TASK REQUIREMENTS
Your task is to repeat the entries below exactly and to leave their images out.

DATA RECORDS
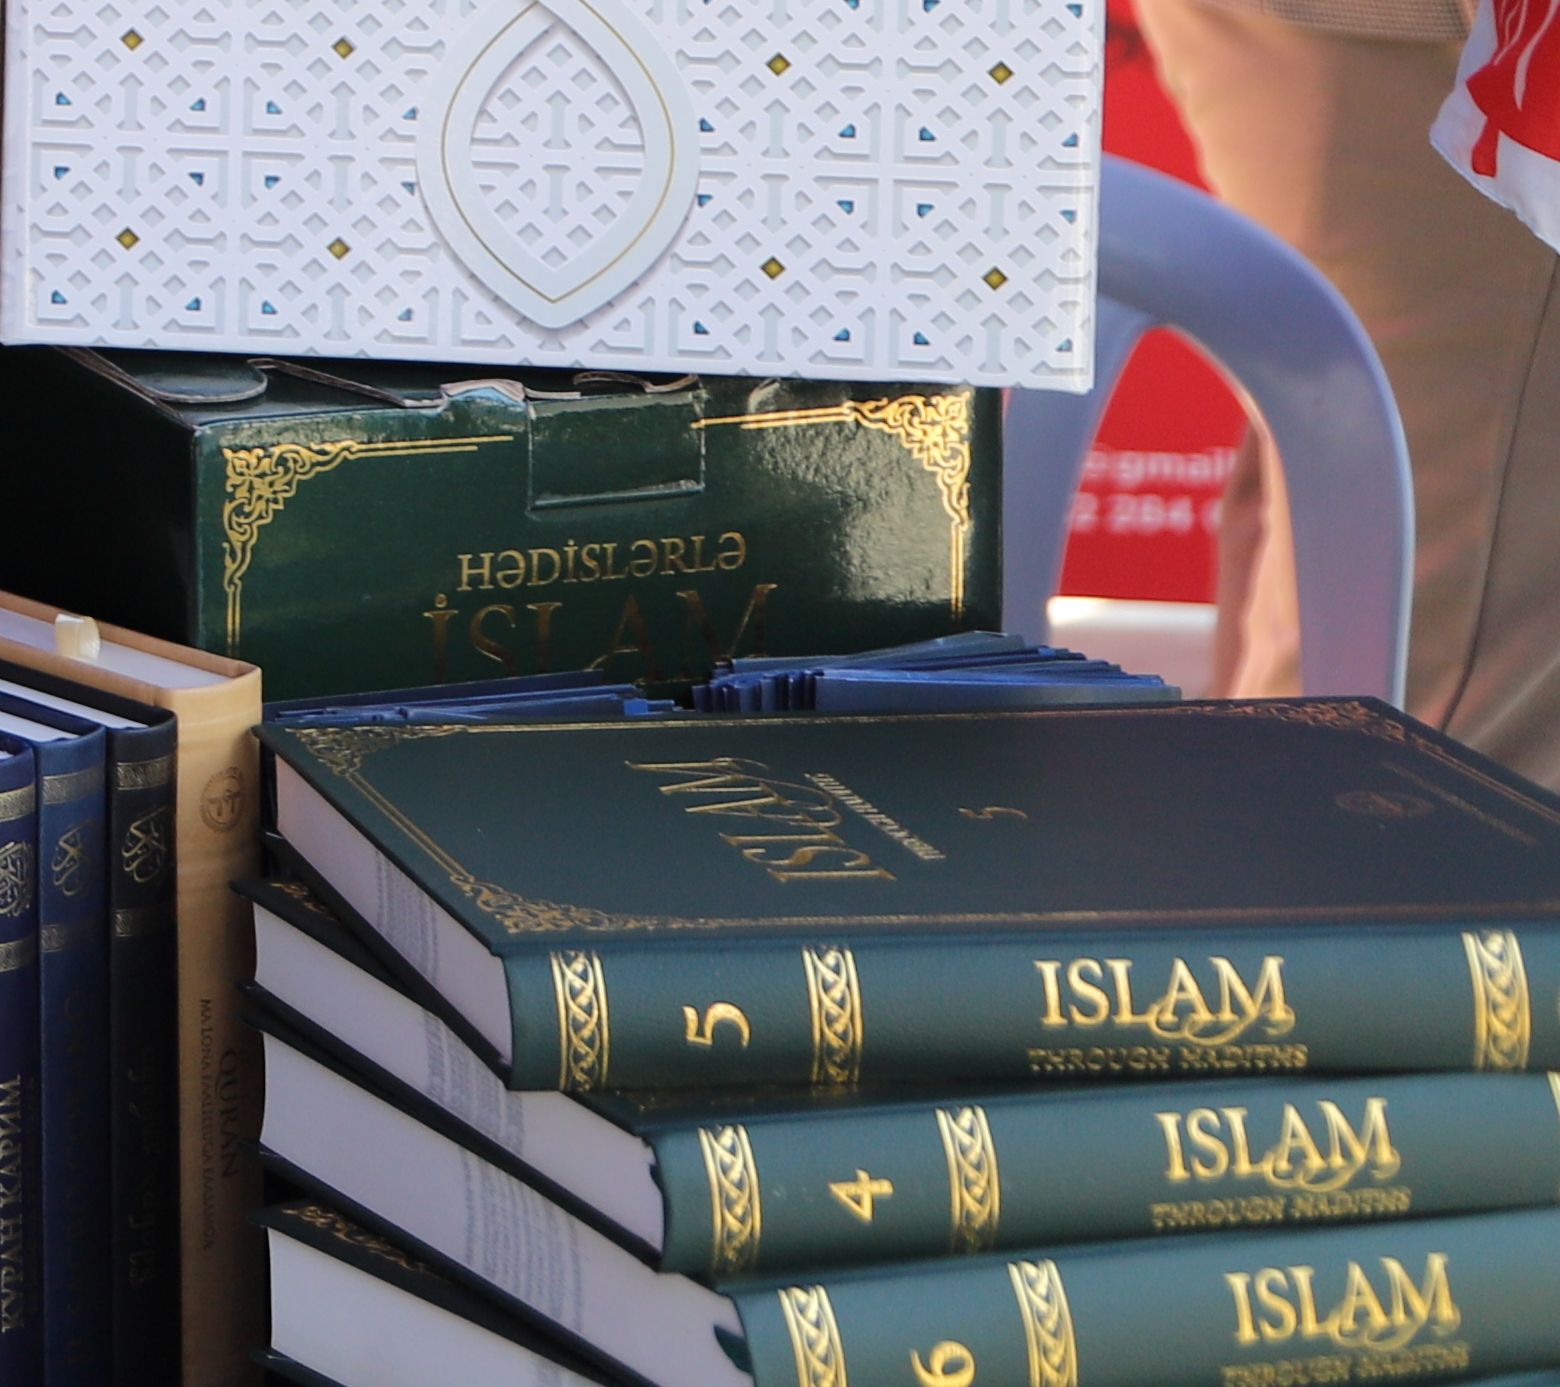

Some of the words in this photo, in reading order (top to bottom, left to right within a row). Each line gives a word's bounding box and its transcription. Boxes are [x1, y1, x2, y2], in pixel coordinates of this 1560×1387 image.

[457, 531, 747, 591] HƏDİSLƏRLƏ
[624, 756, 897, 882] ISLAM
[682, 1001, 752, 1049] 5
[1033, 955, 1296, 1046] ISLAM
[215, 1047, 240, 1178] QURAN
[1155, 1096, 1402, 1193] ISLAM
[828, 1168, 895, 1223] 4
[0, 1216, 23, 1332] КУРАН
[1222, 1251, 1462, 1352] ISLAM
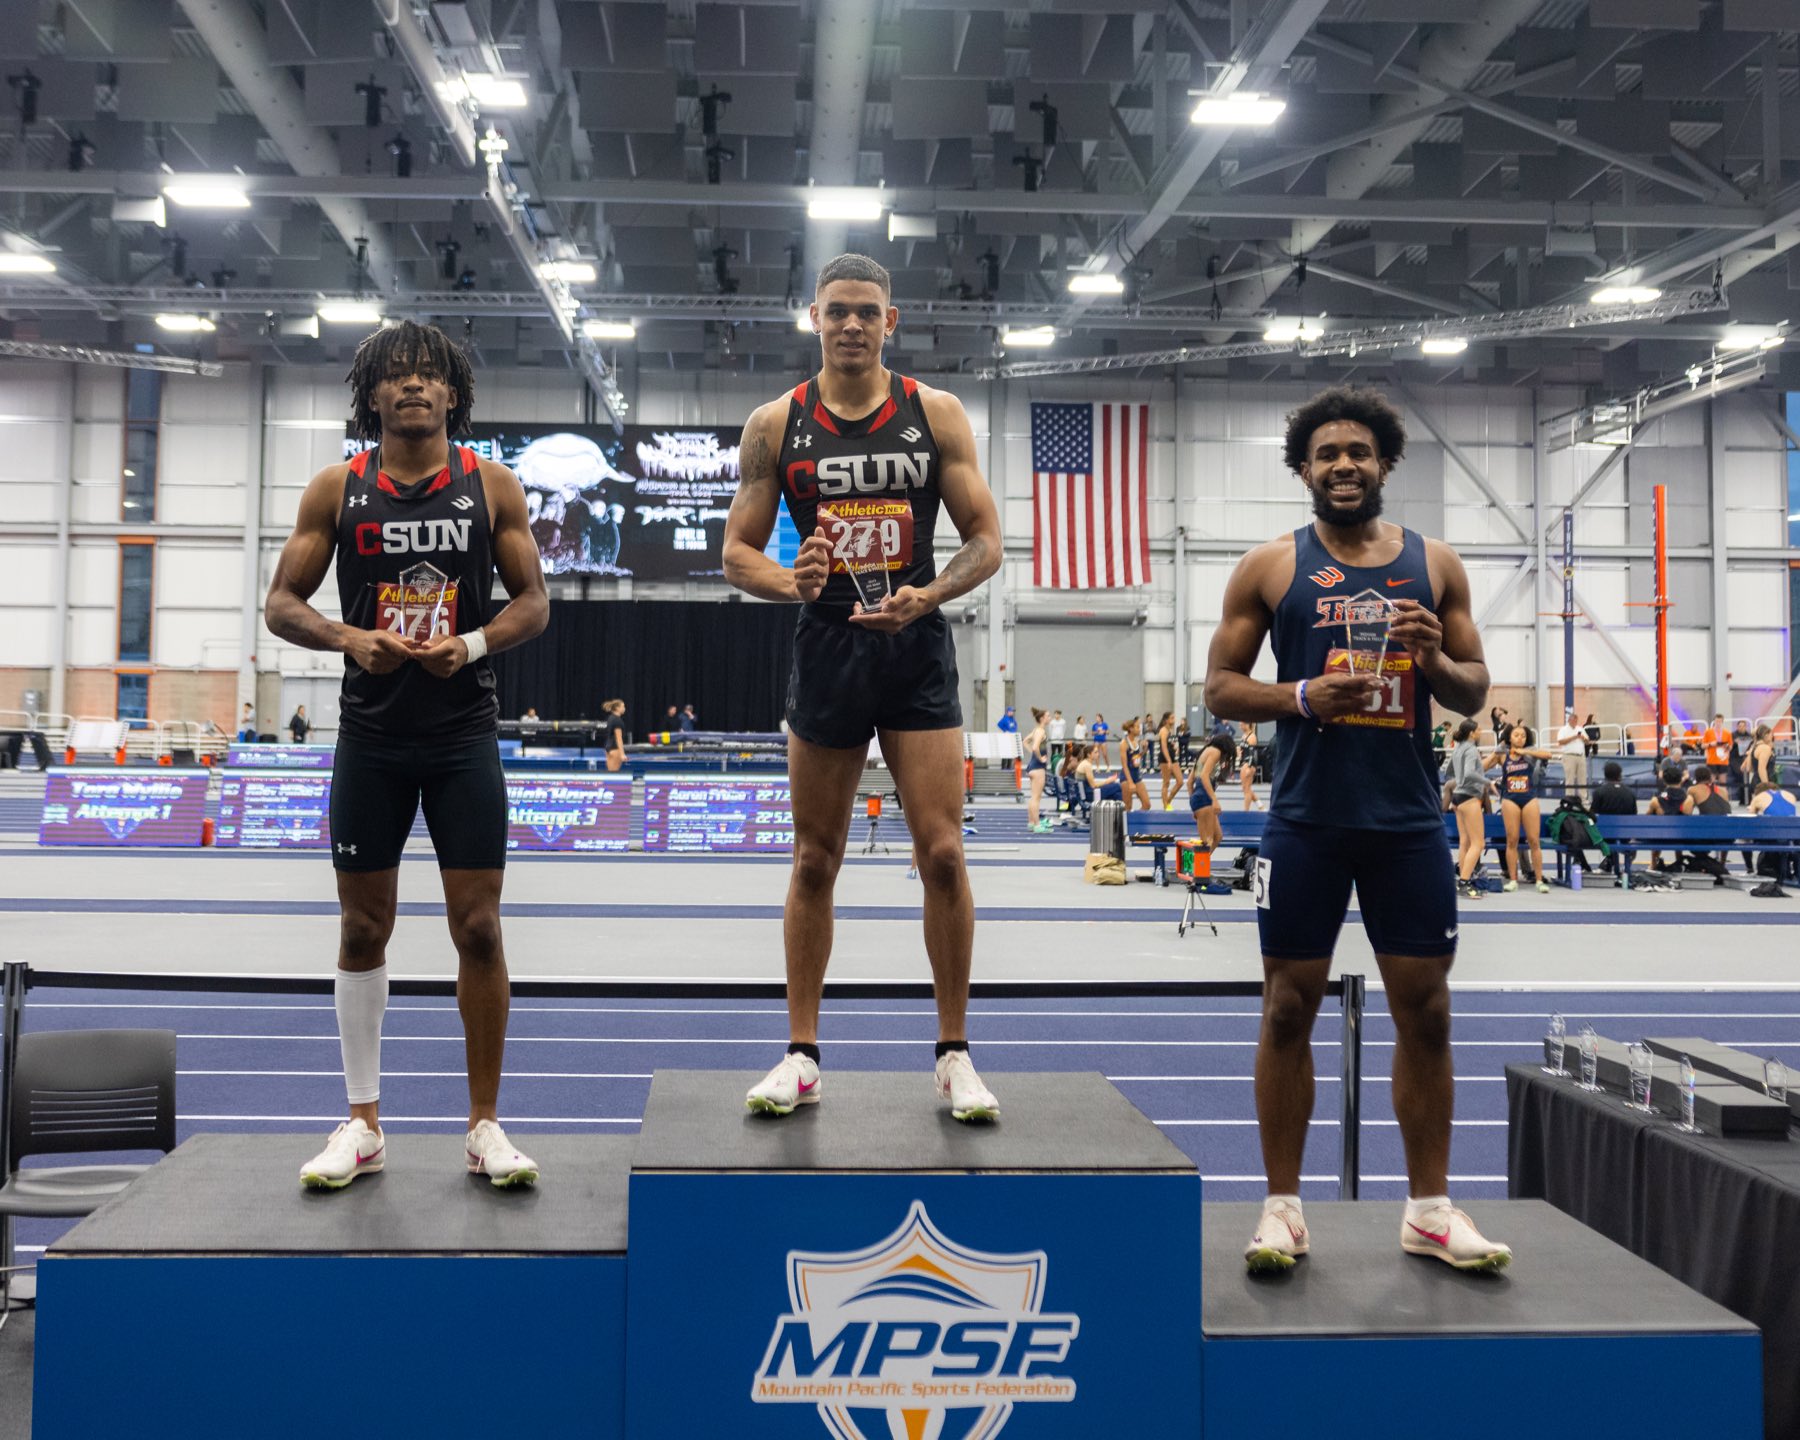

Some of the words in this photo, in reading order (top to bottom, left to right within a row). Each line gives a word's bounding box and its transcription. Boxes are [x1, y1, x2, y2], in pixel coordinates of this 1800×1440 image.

REPLY TO THE EXERCISE
Some of the words in this photo, in reading order (top to bottom, left to right within a row). Each line gives a word's bounding box and its transcription. Boxes are [x1, y1, x2, y2], in pixel coordinates of this 1560×1387 image.

[457, 531, 747, 591] HƏDİSLƏRLƏ
[624, 756, 897, 882] ISLAM
[682, 1001, 752, 1049] 5
[1033, 955, 1296, 1046] ISLAM
[215, 1047, 240, 1178] QURAN
[1155, 1096, 1402, 1193] ISLAM
[828, 1168, 895, 1223] 4
[0, 1216, 23, 1332] КУРАН
[1222, 1251, 1462, 1352] ISLAM

Some of the words in this photo, in reading order (top to bottom, left to right within a row). Each line gives a word's bounding box and its transcription. Boxes are [x1, y1, x2, y2], in pixel coordinates of this 1800×1440 image.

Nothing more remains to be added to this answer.